My beautiful 12 year old Golden has been experiencing blackness of her back legs and hair loss. The hair loss is on her back legs and on her backside. Over the past few days she coming down to the basement with me, but unable/unwilling to climb back up and I have to carry her. She still is energetic on walks and when we get home, eats and drinks well, but she is making me quite concerned. She was on some pills for a while, but that didn't seem to help. She is also scratching a lot, which the pills did help with. Anyone seen something like this? I am finding lots of information about the weakening of legs, but nothing about this blackening thing.


----------



## AmberSunrise (Apr 1, 2009)

I would urge you to have a complete thyroid panel done at your vets.

Good luck


----------



## Megora (Jun 7, 2010)

You probably have two separate issues based on what you are describing.

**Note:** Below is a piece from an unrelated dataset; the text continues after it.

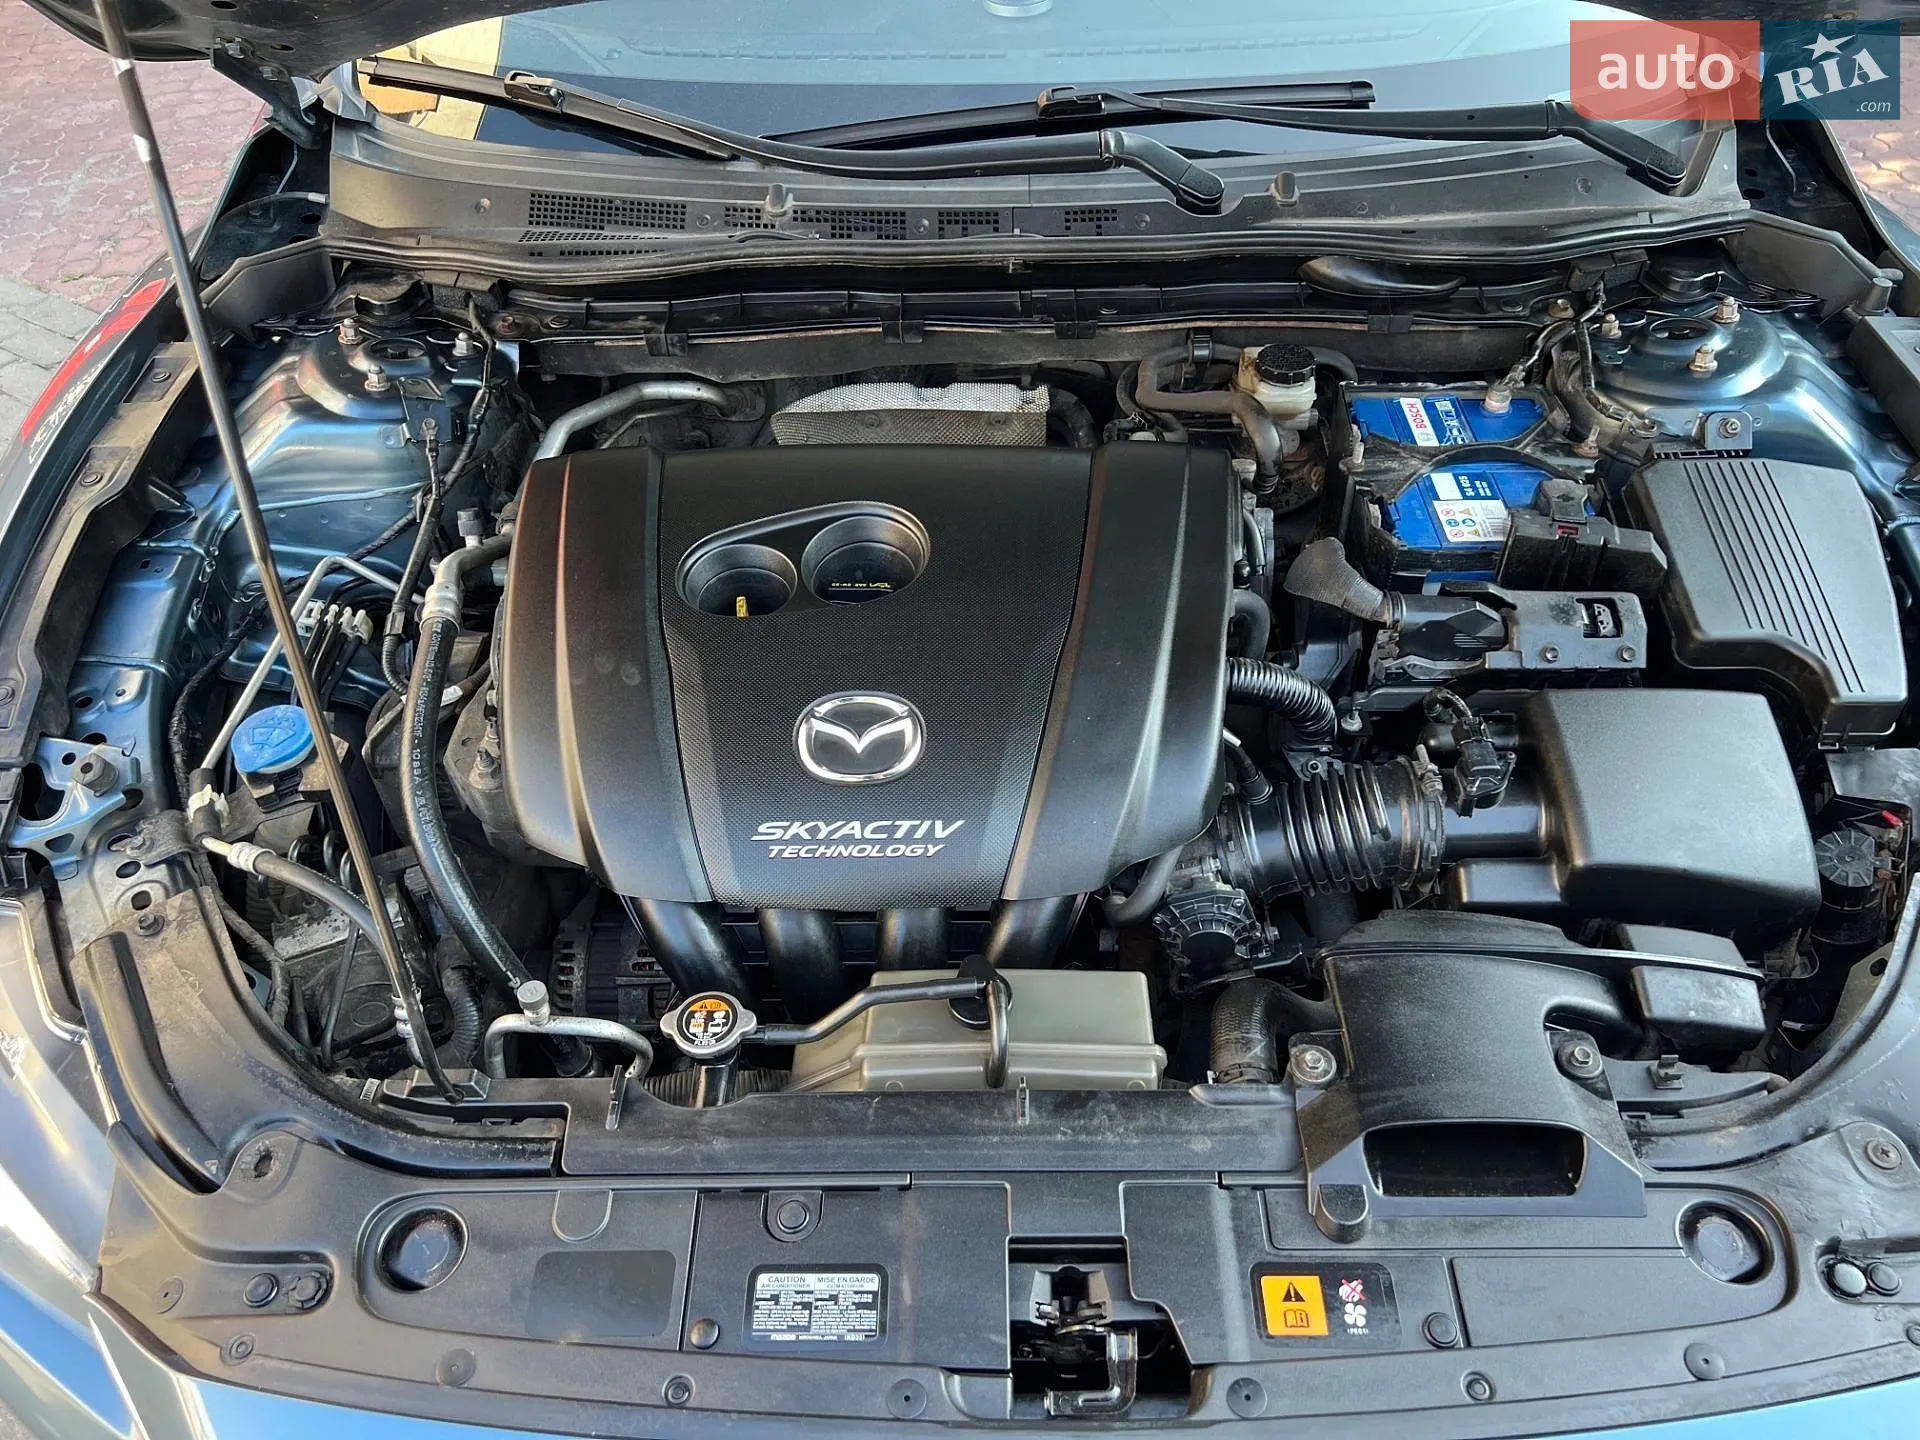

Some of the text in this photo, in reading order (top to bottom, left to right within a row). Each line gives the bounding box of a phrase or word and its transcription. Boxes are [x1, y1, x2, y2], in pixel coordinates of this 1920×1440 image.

Weakness - is sometimes (or most of the time) related to arthritis. She's probably dealing with weakness and instability. So climbing stairs might be hard for her. Might add just because this was in our experience - climbing or going downstairs had an extra danger because after age 12, the dogs would experience their rears falling out on them. Basically they'd fall down - and that could be really scary on the stairs. With our dogs, they were not supposed to go up or down without us right there and ready to support them to keep them from tumbling down the steps. 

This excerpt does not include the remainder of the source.